Concept scientifique et religion (V)

De manière assez inattendue la théorie de Gaïa est tout autant un concept scientifique - dans la mesure où elle serait testable - qu'une théologie de l'aveu même de James Lovelock[16] : "Pour moi écrit-t-il, Gaïa est une religion autant qu'un concept scientifique, et dans les deux sphères, elle est gérable... Dieu et Gaïa, la théologie et la science, tout comme la physique et la biologie ne sont pas séparées mais forment une unité de pensée".

D'un point de vue philosophique, l'humanité dit Lovelock, se trouve à la périphérie des systèmes vivants sur la Terre. Notre vision anthropocentrique implique que nous préservions la Terre comme nous l'entendons.

Mais cette idée de pouvoir régir la planète est une idée absurde et dangereuse car nous ignorons toutes les interactions qui se manifestent dans la biocénose : "On n'en sait jamais trop... La réponse est 'mains en l'air'".

La macrofaune est l'iceberg sur le gâteau; la base de la vie est la microbiologie. Ces micro-organismes dirigent le système et nous ne pouvons pas les influencer et dans cette mesure nous sommes probablement incapables de détruire la vie sur Terre. Nous pouvons réfreiner certaines de nos attitudes destructrices mais cela soulève de profondes questions concernant la responsabilité des individus et des groupes sociaux. Est-ce que nous devons donner une valeur à la continuité de la vie en général, à l'expérience humaine ou aux sentiments des animaux ? Pourquoi s'en préoccuper si nous détruisons les espèces ?

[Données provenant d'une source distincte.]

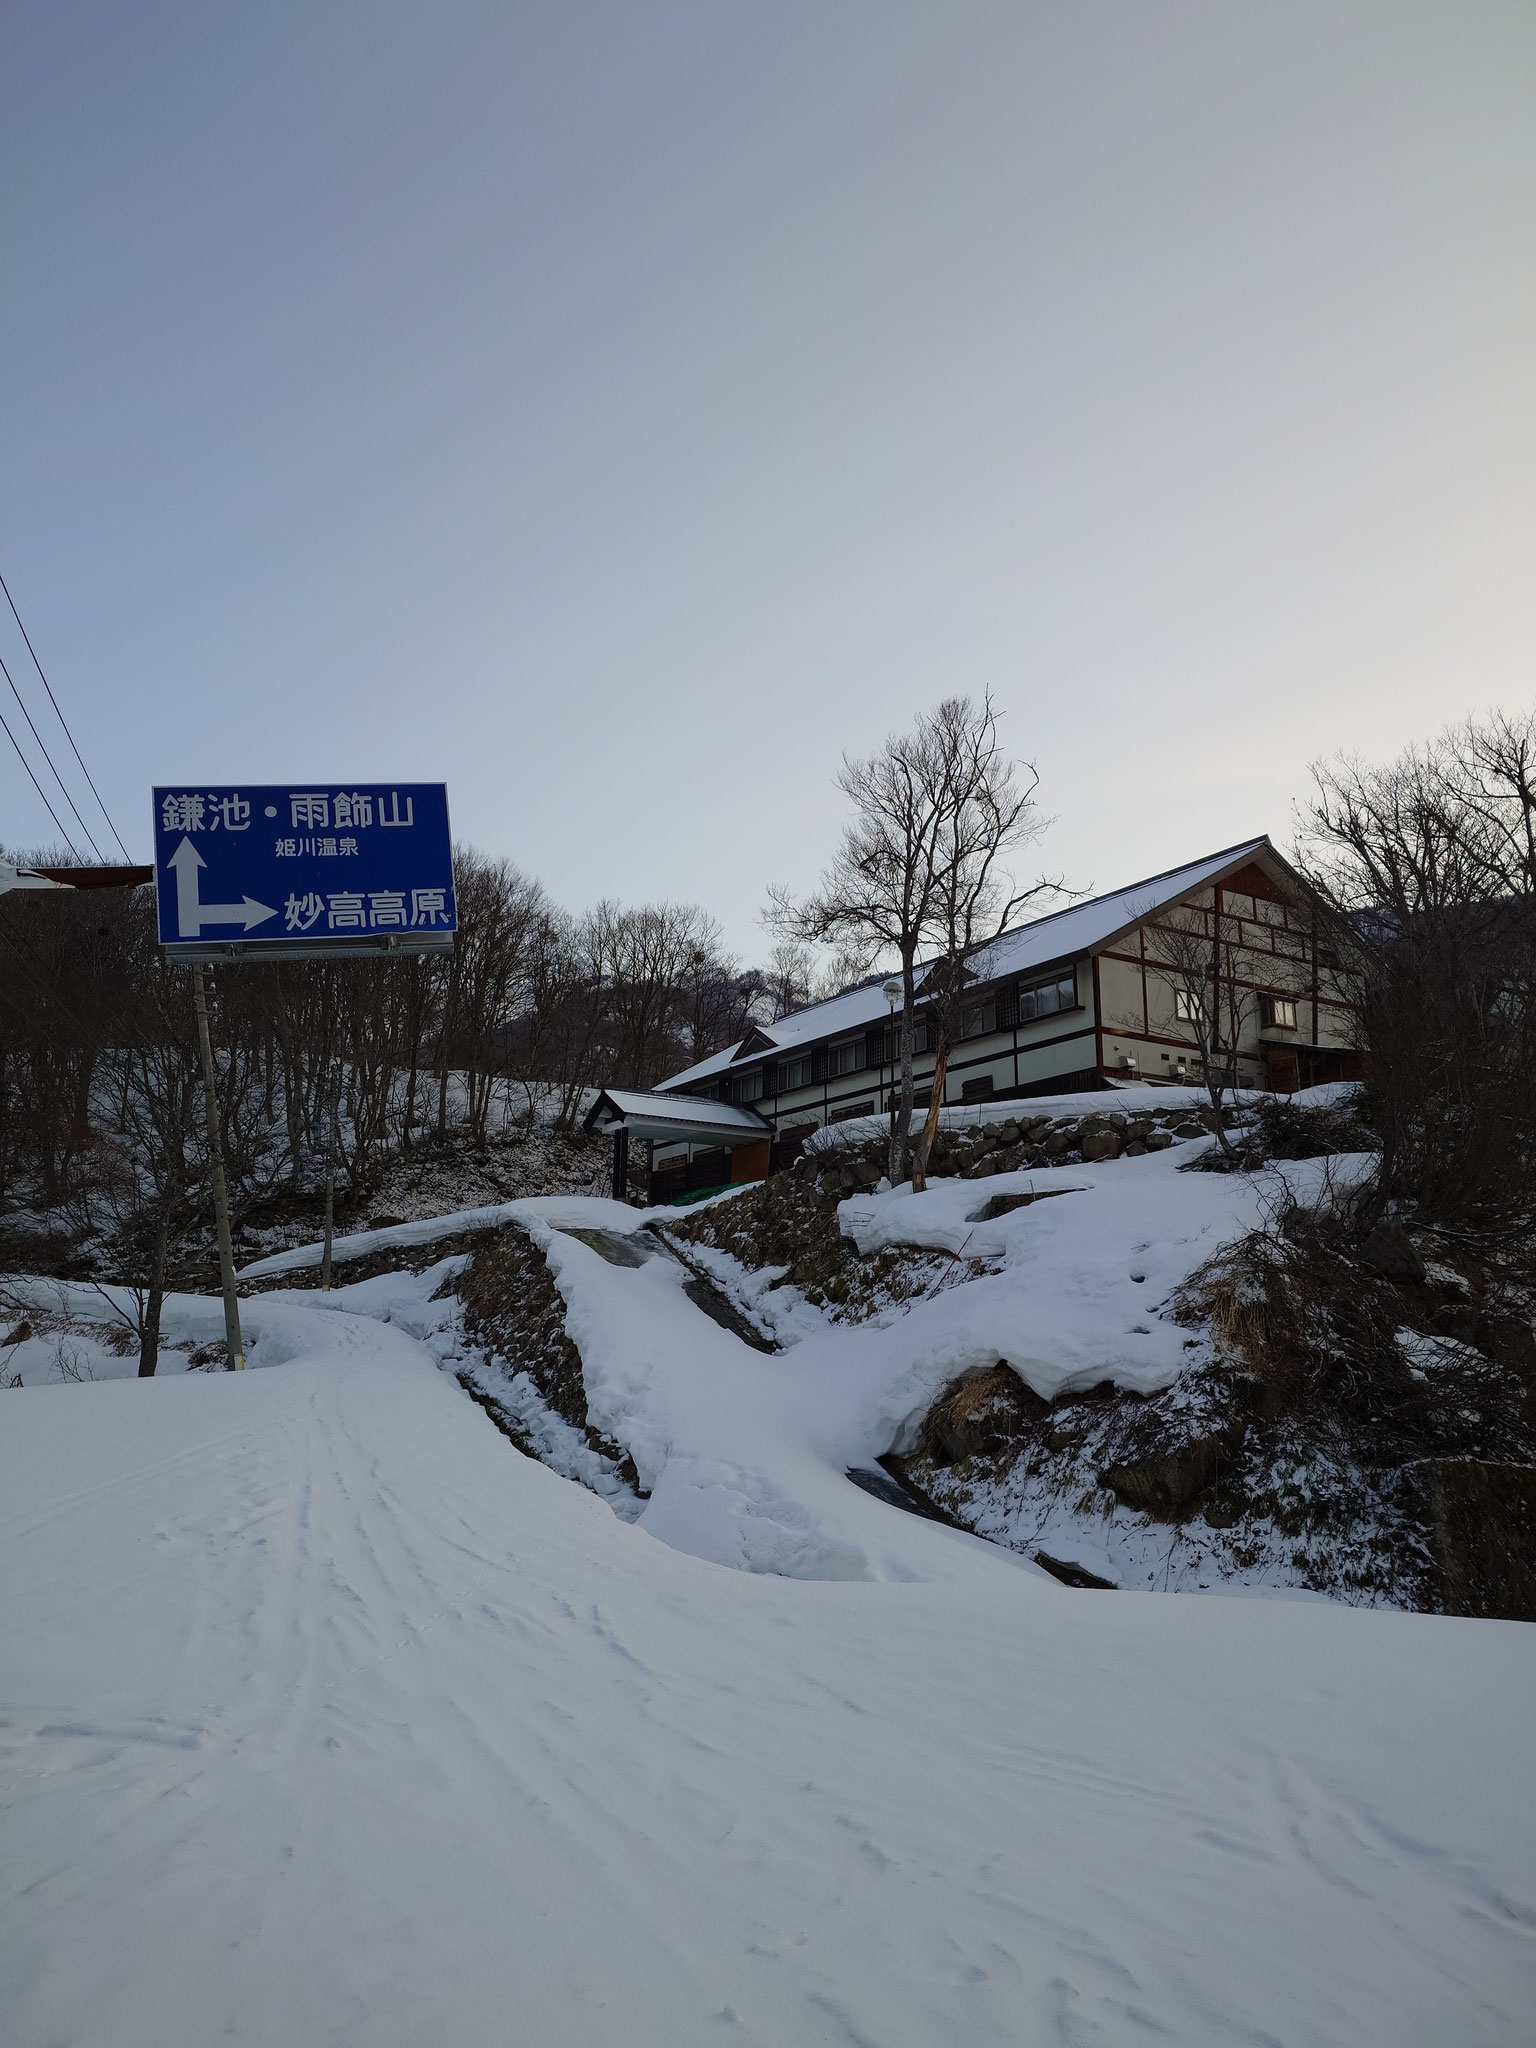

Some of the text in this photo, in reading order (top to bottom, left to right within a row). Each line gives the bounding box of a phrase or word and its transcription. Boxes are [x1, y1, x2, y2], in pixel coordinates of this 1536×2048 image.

[275, 836, 359, 858] 姫川温泉
[284, 889, 449, 931] 妙高高原

Aussi, d'un point de vue philosophique, les idées Gaïennnes proposent une alternative à la vision mécaniste du monde, une meilleure compréhension que le réductionnisme qui vise à tout réduire en ses parties. Cette nouvelle vision montre que le monde vivant est interconnecté, et dans une certaine mesure, vide de sens. Dès lors pourquoi ne pas instaurer une nouvelle métaphore du vieille adage "le monde comme machine". 

Dans son article "Gaïa in Action", David Abraham suggéra que ce changement de sens supprimerait l'idée du "concepteur" extérieur qui d'une certaine manière ressemblait à un être humain fabriquant des machines. Cela évite de tomber dans le piège considérant que nous pouvons traiter la nature comme une machine et cela nous permet de retrouver l'idée que nous sommes immergés dans le monde comme participants. Le monde Gaïen aurait plus à gagner de la coopération que de la compétition, en intégrant les organismes et leur environnement plutôt qu'à lutter et défier la nature - entre nous cette vision holistique fait partie des arguments écologiques européens depuis les années 1980.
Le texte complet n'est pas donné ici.